There are still ongoing debates on the ultimate cause of the war, but it is generally believed that it was triggered by the disagreement on the treatment of slaves. The southern states differed with the rest of the country over the powers of the federal government on the abolition of slavery. In 1860, Abraham Lincoln won the presidential election and vowed to free all slaves and prohibit slavery in the United States. After the declaration, states of the Deep South: Texas, Louisiana, Georgia, Alabama, Florida, Mississippi, and South Carolina declared secession from the United States and formed the Confederate States of America. The economy of the southern states was heavily dependent on agriculture especially cotton and plantation systems that relied on slave laborers.
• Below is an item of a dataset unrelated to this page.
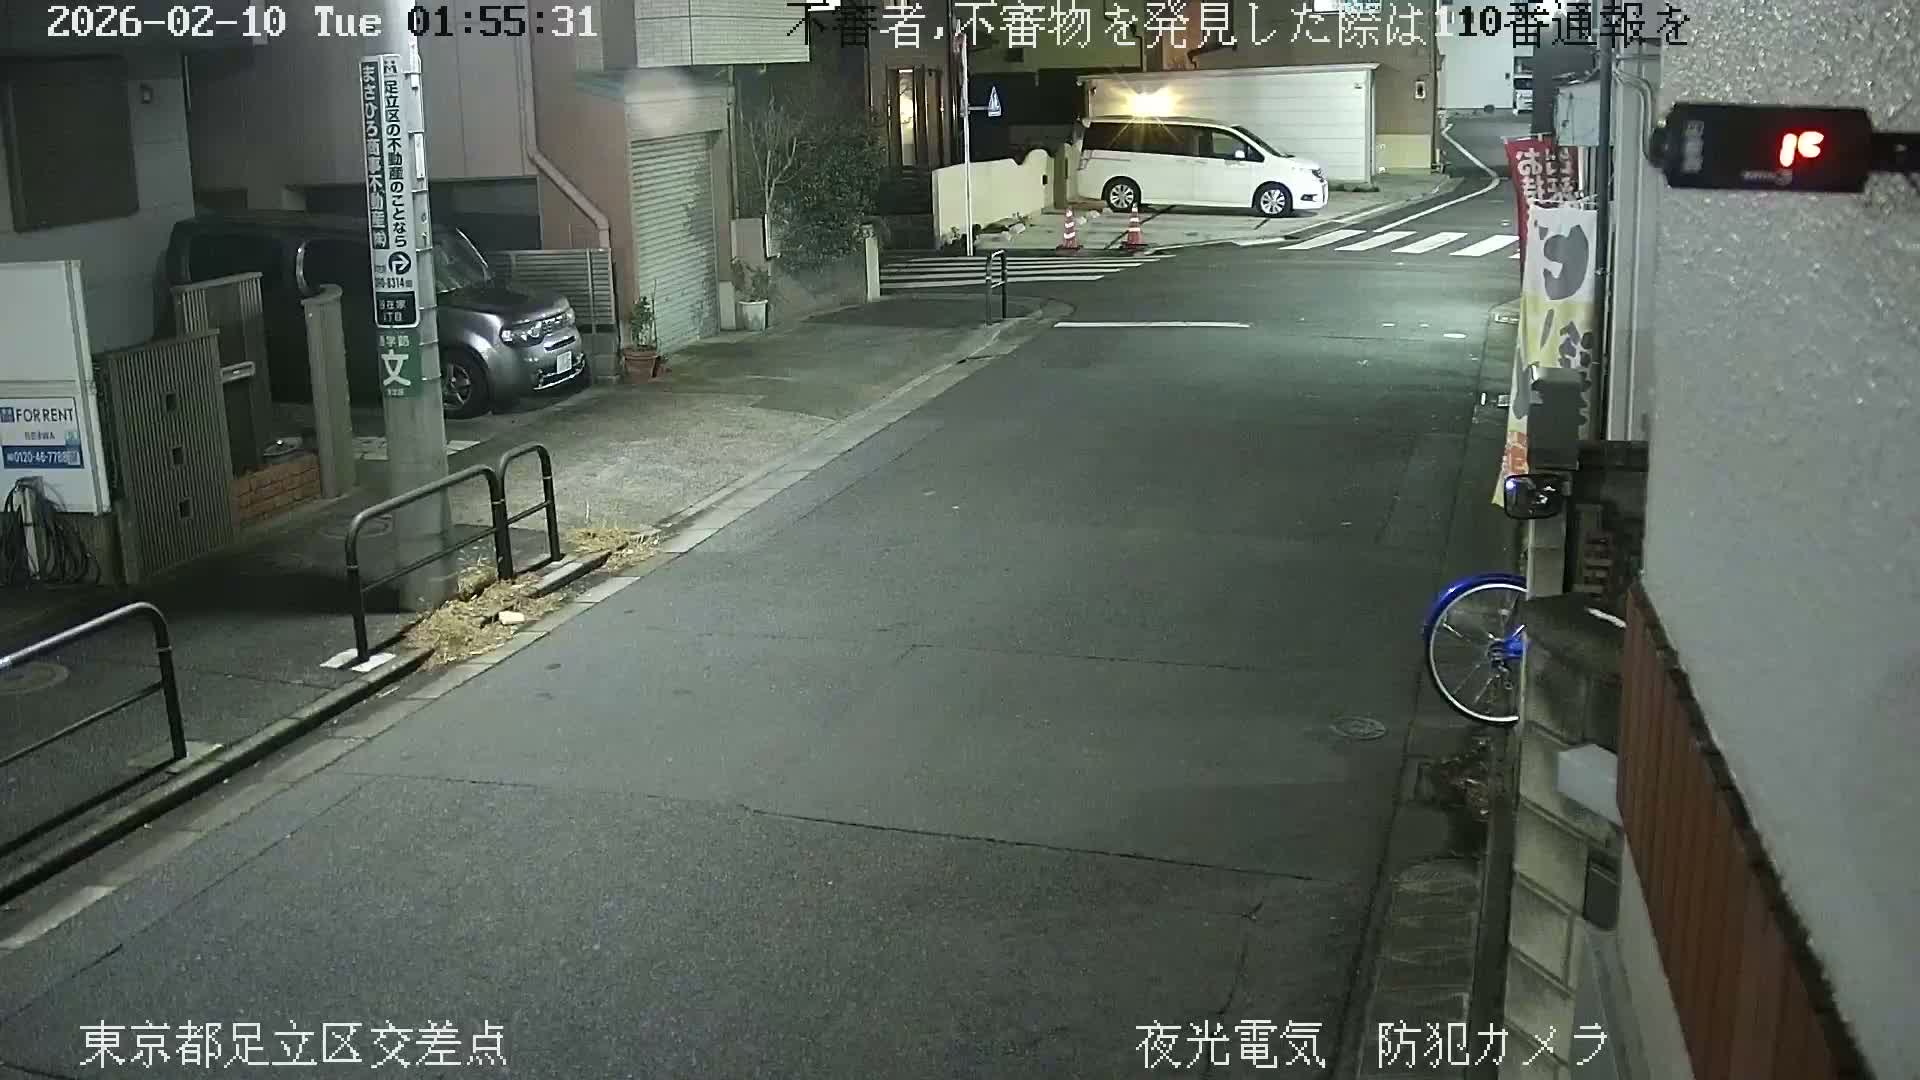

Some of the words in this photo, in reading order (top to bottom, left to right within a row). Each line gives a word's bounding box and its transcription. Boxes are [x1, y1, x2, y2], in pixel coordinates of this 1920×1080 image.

[381, 349, 411, 386] 文
[16, 408, 40, 423] FOR
[42, 408, 73, 423] RENT
The Confederates quickly formed a government and an army from militia units to protect against possible invasion from the Union. Soon after the war began, the states of the Upper South: North Carolina, Tennessee, Arkansas, and Virginia declared secession from and joined the Confederacy. Kentucky and Missouri were accepted as states of the Confederacy although neither declared official cessation or was in control of Confederate forces. The cessation was not illegal since no clause in the constitution barred states from seceding, but the Union feared that allowing states to secede would break up the United States into smaller countries and lead to constant wars. Three years after the secession attempt, the Supreme Court of the United States declared the secession illegal in the Texas v. White, 74 U.S. 700 (1868) case.

Where Was The War Fought?

The war was largely fought in the territories claimed by the secessionists especially in New Mexico, Pennsylvania, Texas, Virginia, Tennessee, and the Coast of Florida. It was also fought on the ocean as far as the Gulf of Mexico, the coast of France, and in the Mississippi River. Prior to the war, the Union states had a population of about 22 million while the secession states had a population of nine million. The disparity in population meant that the Union Army was significantly larger than the Confederate Army. It is believed that about 620,000 soldiers died in the civil war, but recent studies show that the figure may be as high as 850,000.